TASK OBJECTIVE
The entries below are to be reproduced exactly, with their pictures omitted.

DATA IN THIS EXERCISE
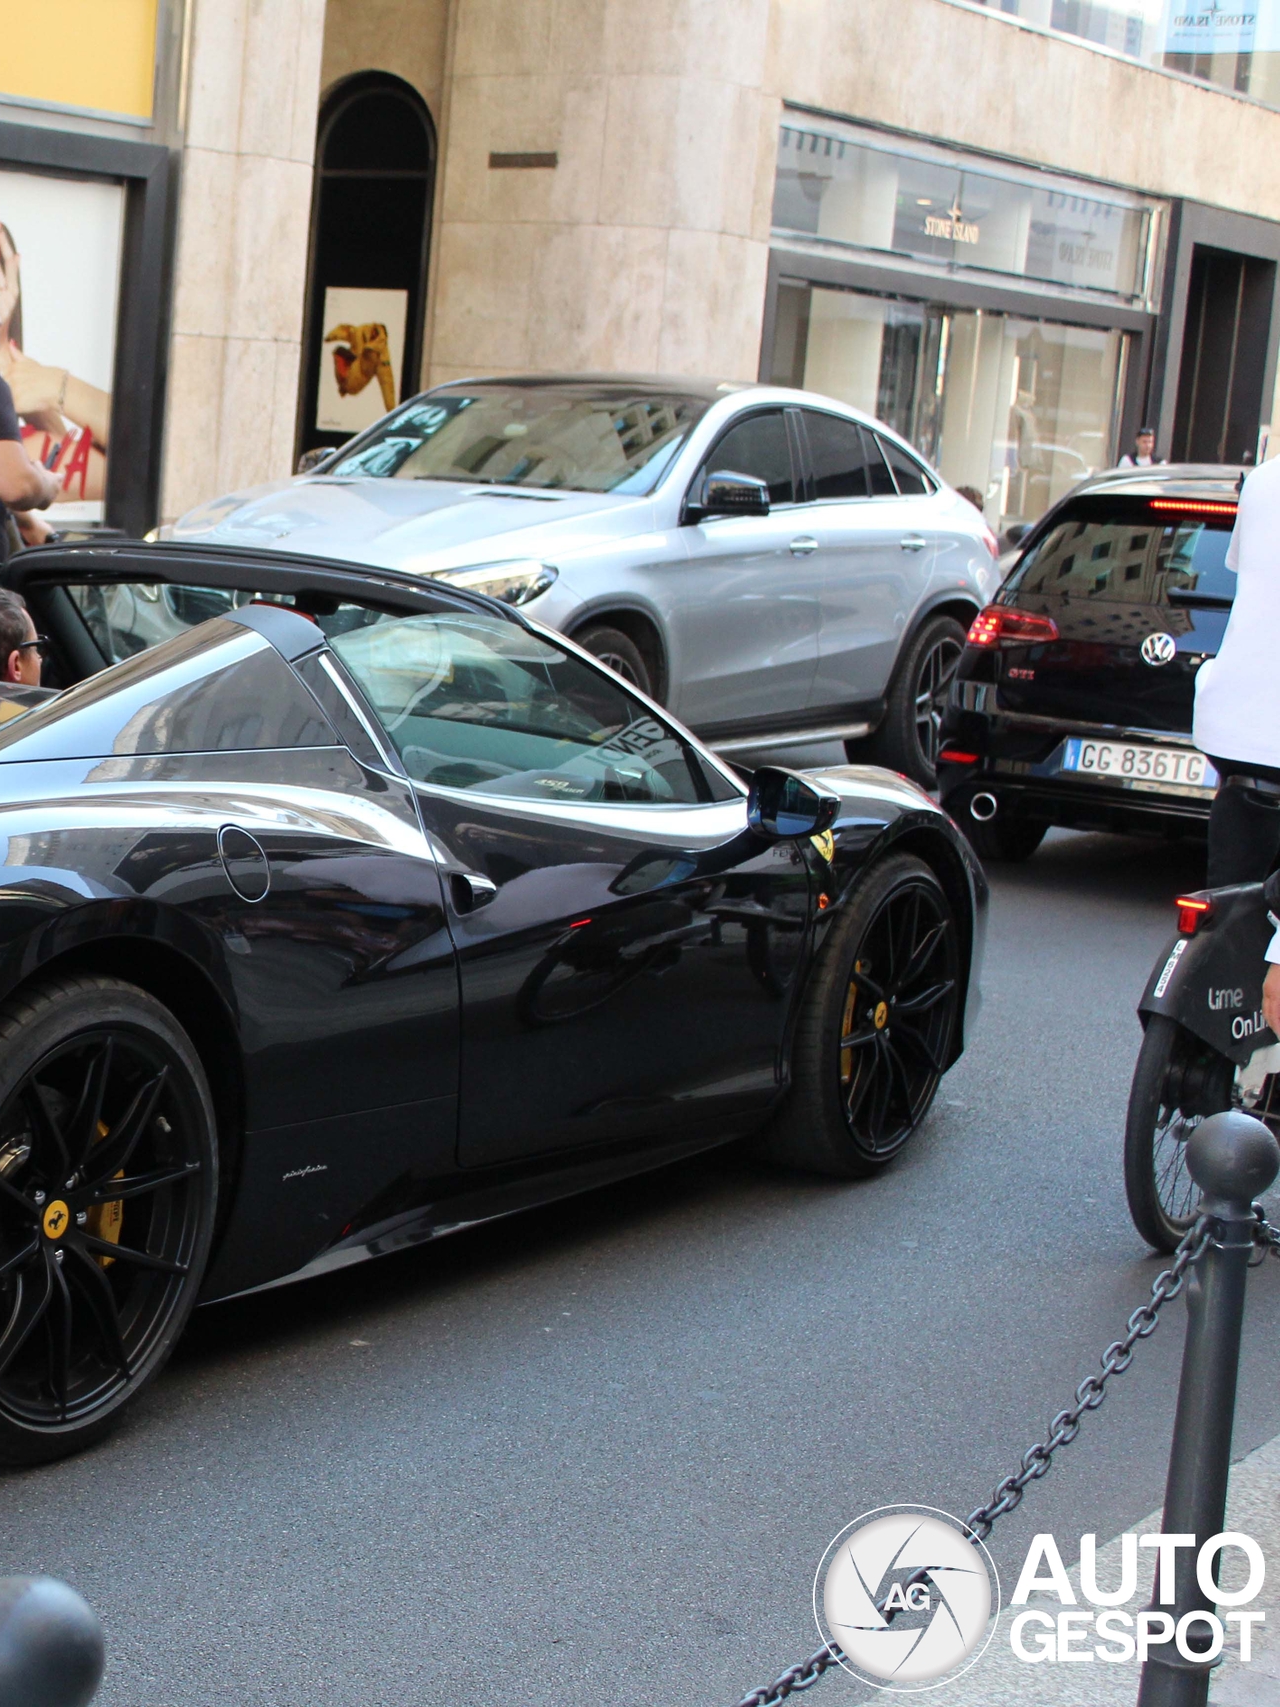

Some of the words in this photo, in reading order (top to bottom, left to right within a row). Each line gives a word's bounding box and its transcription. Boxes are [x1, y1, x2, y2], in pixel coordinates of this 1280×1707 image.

[924, 215, 952, 240] STONE
[953, 222, 980, 245] ISLAND
[1008, 668, 1035, 680] GTI
[1081, 744, 1111, 771] GG
[1121, 749, 1203, 783] 836TG
[1208, 987, 1243, 1010] Lime
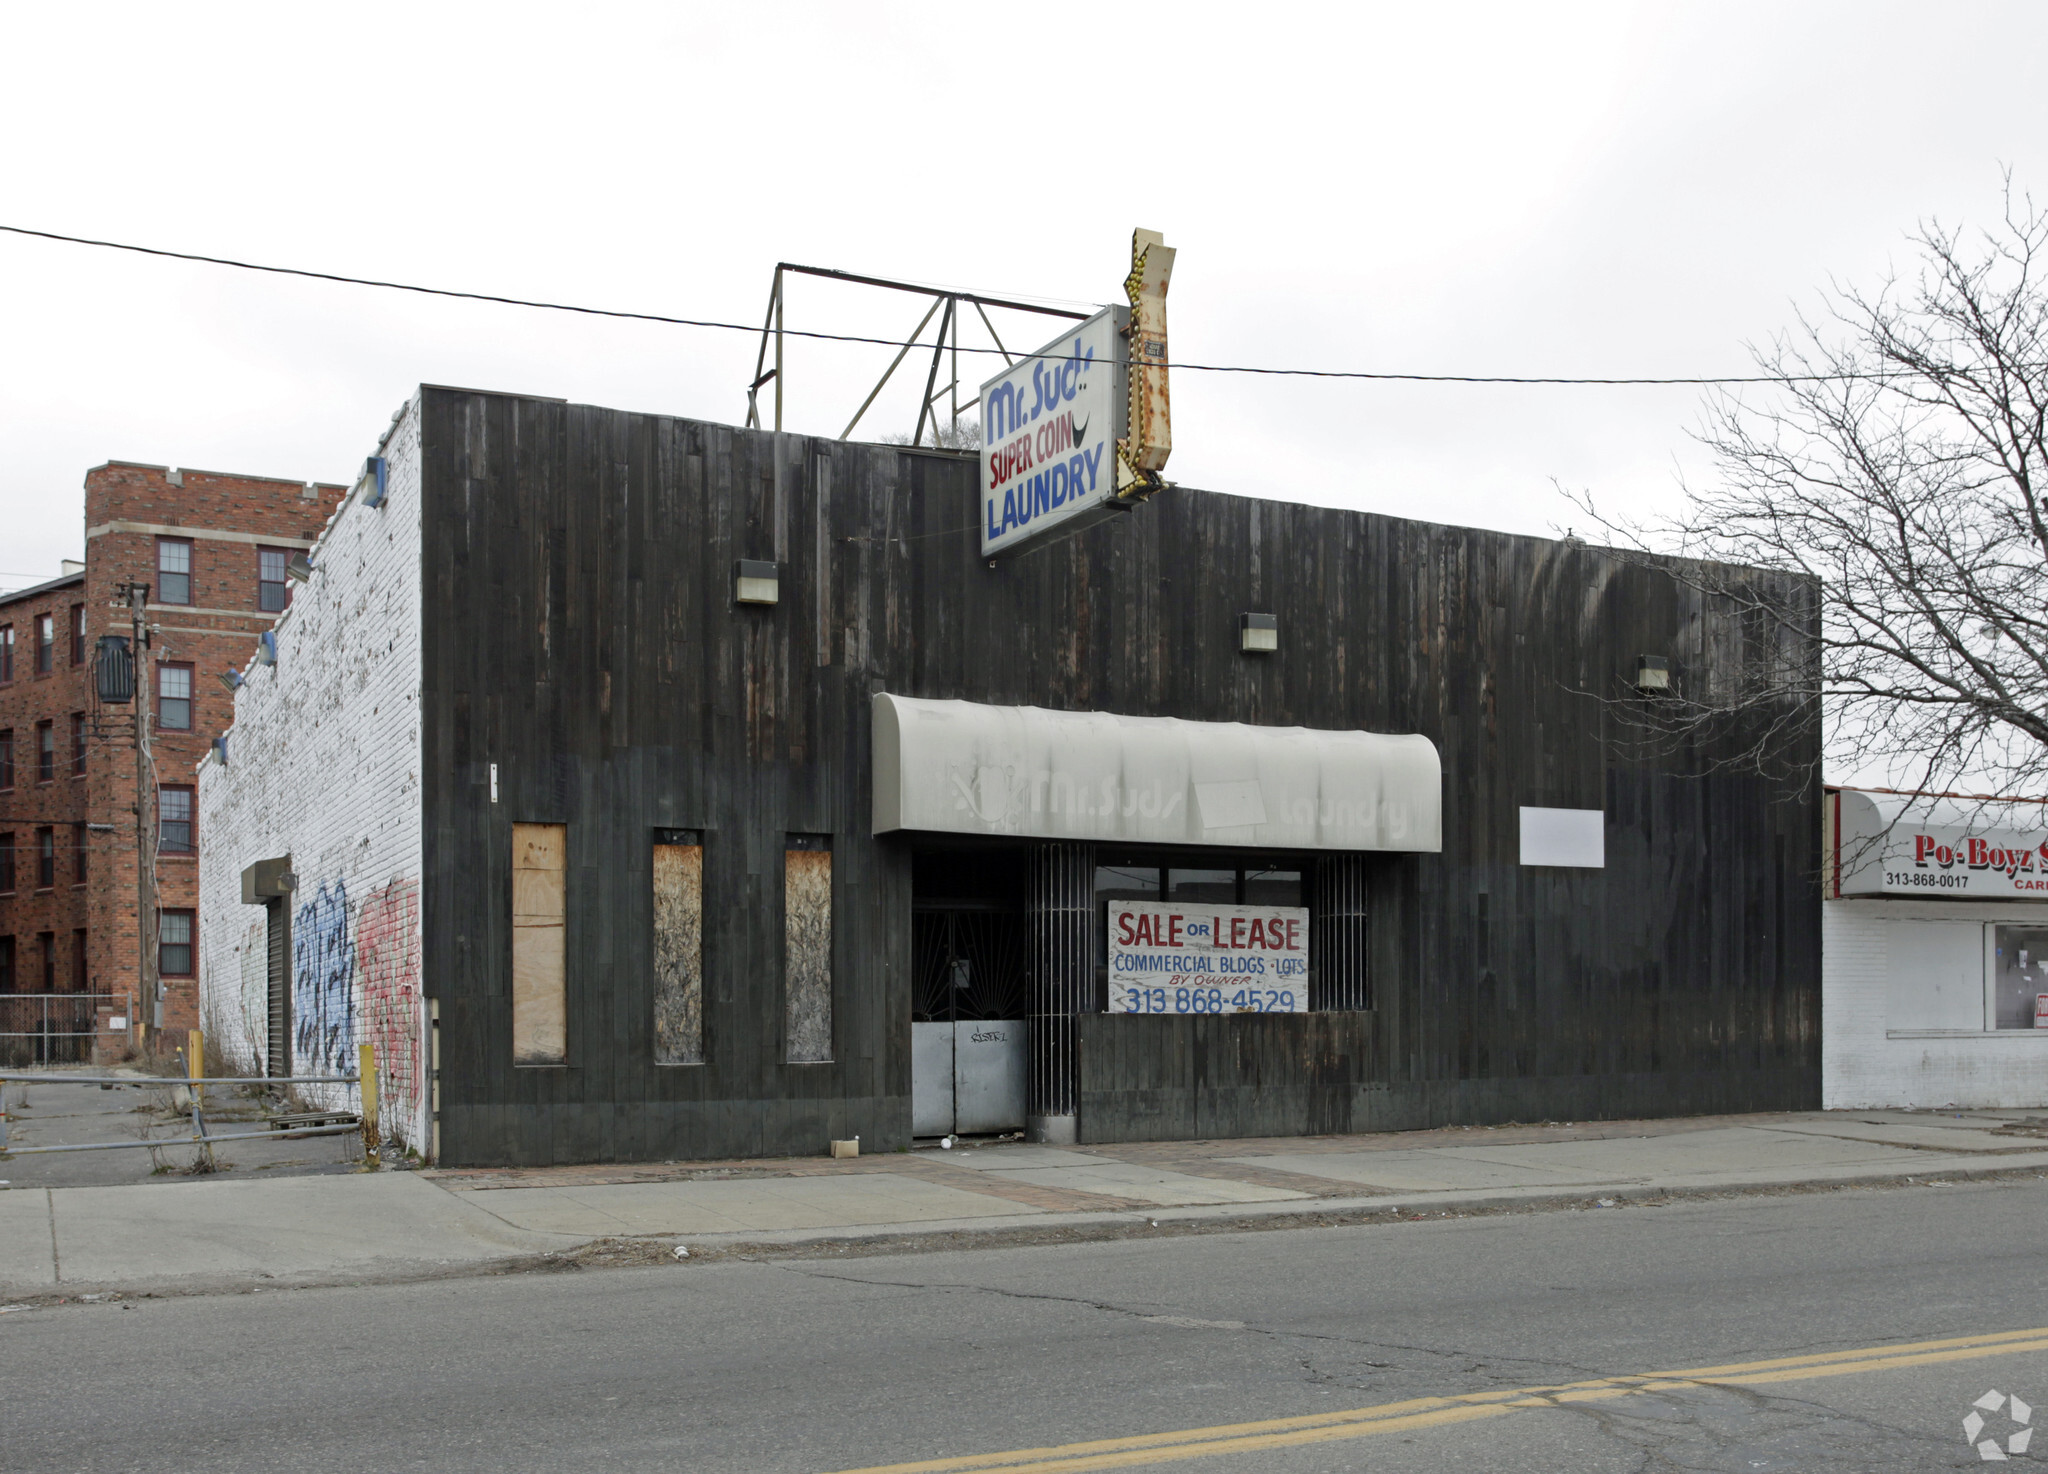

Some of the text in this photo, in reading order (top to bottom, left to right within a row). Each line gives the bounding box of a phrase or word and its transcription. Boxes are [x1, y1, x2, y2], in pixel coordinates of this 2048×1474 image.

[990, 410, 1072, 490] SUPER COIN
[987, 441, 1105, 541] LAUNDRY
[1914, 834, 2034, 880] Po-Boyz
[1886, 872, 1969, 888] 313-868-0017
[2014, 879, 2048, 891] CAR
[1118, 912, 1301, 951] SALE OR LEASE
[1115, 953, 1305, 975] COMMERCIAL BLDGS LOTS
[1169, 974, 1252, 986] BY OWNER
[1126, 988, 1295, 1014] 313 868-4529
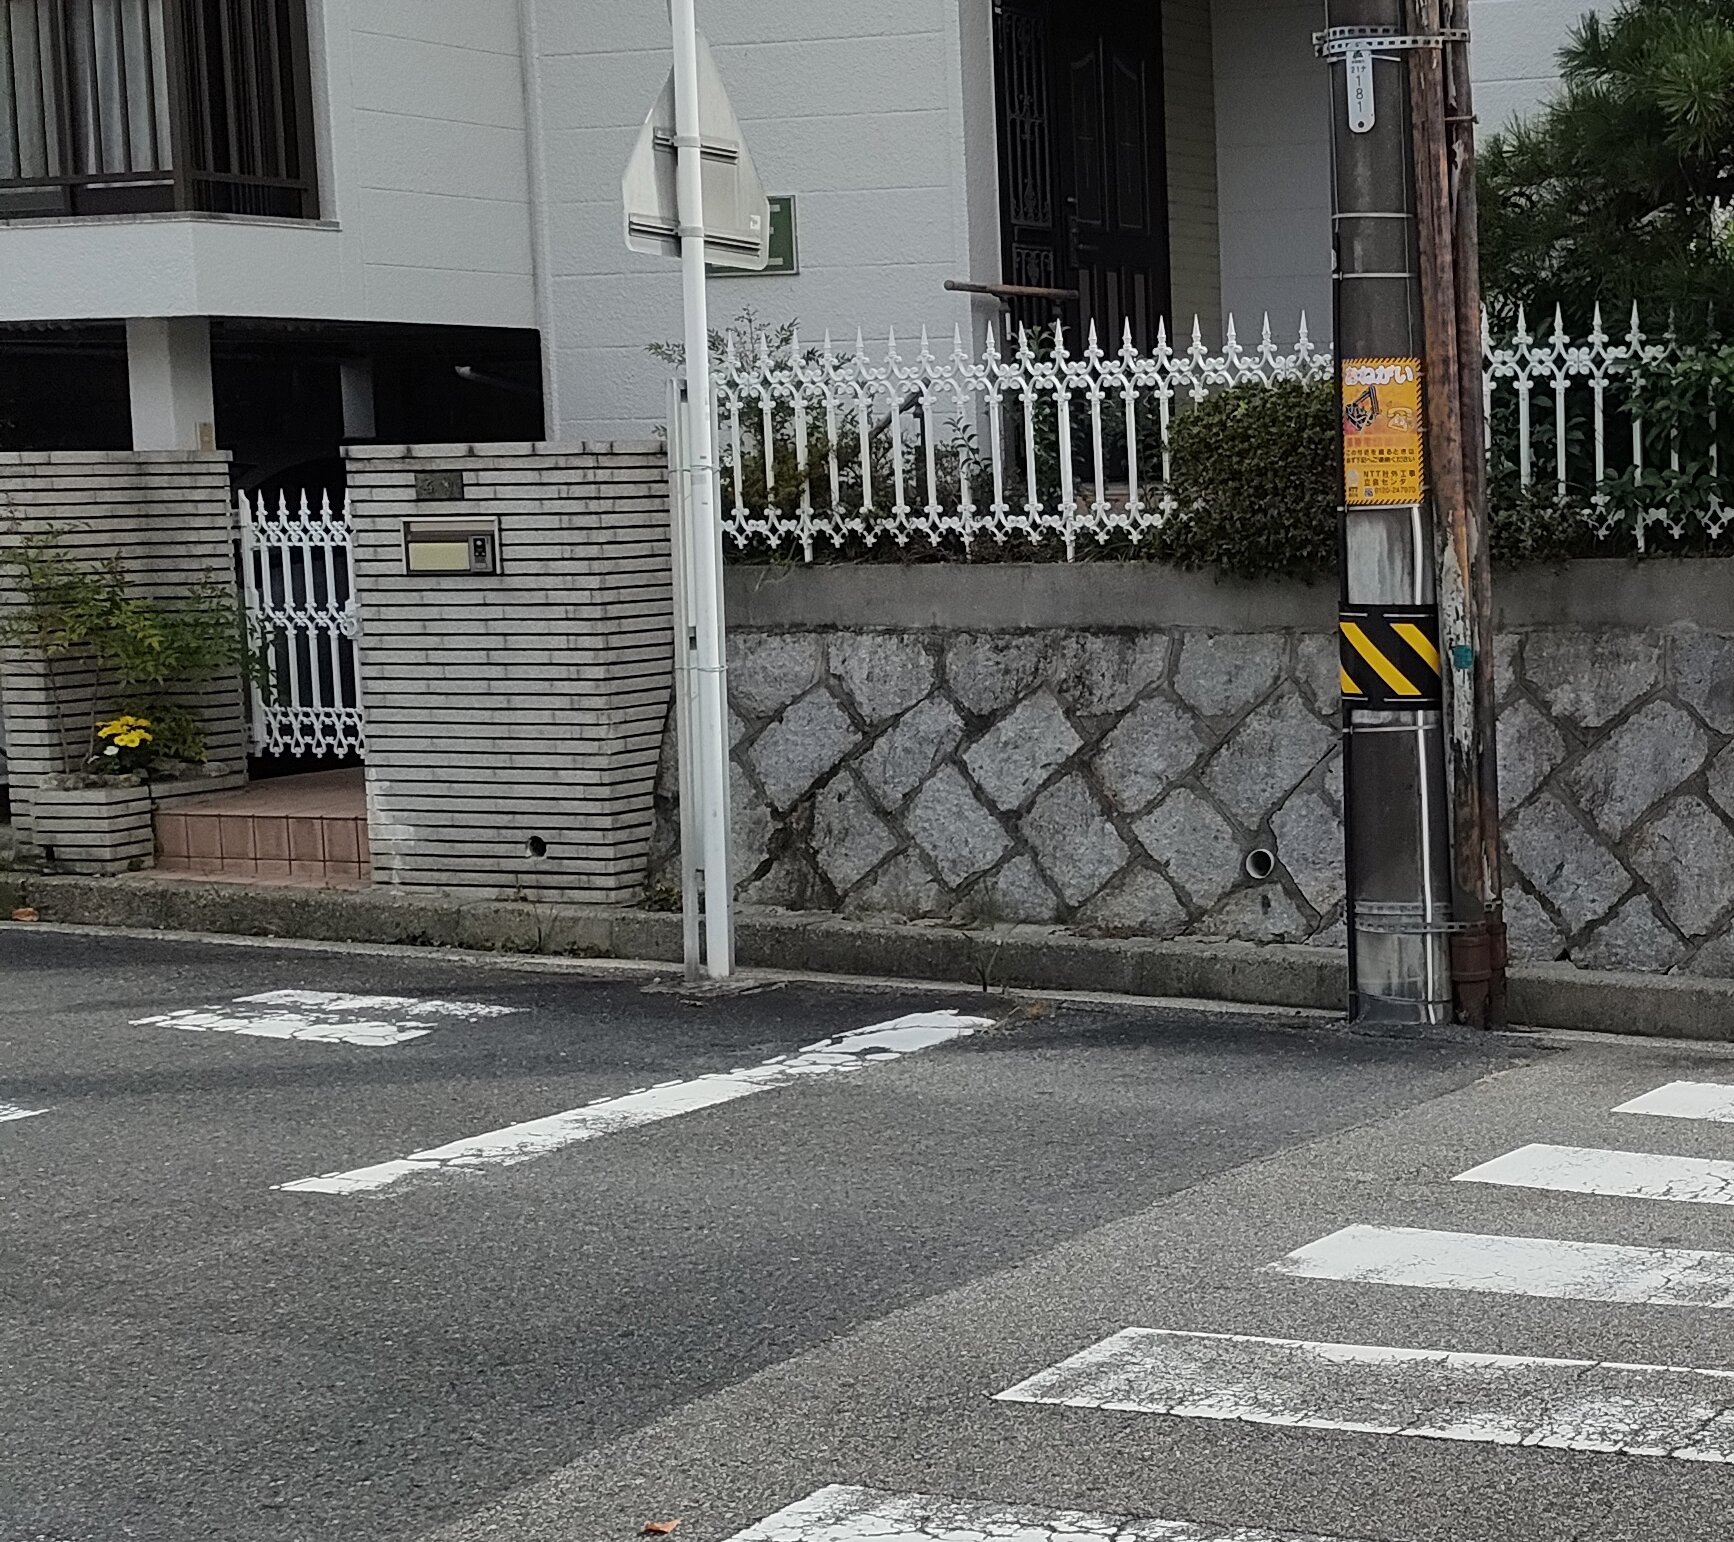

RESULT
Some of the words in this photo, in reading order (top to bottom, left to right within a row). Each line gives a word's bounding box and its transcription. Boxes are [x1, y1, x2, y2], in pixel coordinates of this 1280×1707 image.

[924, 215, 952, 240] STONE
[953, 222, 980, 245] ISLAND
[1008, 668, 1035, 680] GTI
[1081, 744, 1111, 771] GG
[1121, 749, 1203, 783] 836TG
[1208, 987, 1243, 1010] Lime

Some of the text in this photo, in reading order (top to bottom, left to right within a row). Each line gives the bounding box of a phrase or word and its transcription. Boxes are [x1, y1, x2, y2], in pixel coordinates of this 2048×1474 image.

[990, 410, 1072, 490] SUPER COIN
[987, 441, 1105, 541] LAUNDRY
[1914, 834, 2034, 880] Po-Boyz
[1886, 872, 1969, 888] 313-868-0017
[2014, 879, 2048, 891] CAR
[1118, 912, 1301, 951] SALE OR LEASE
[1115, 953, 1305, 975] COMMERCIAL BLDGS LOTS
[1169, 974, 1252, 986] BY OWNER
[1126, 988, 1295, 1014] 313 868-4529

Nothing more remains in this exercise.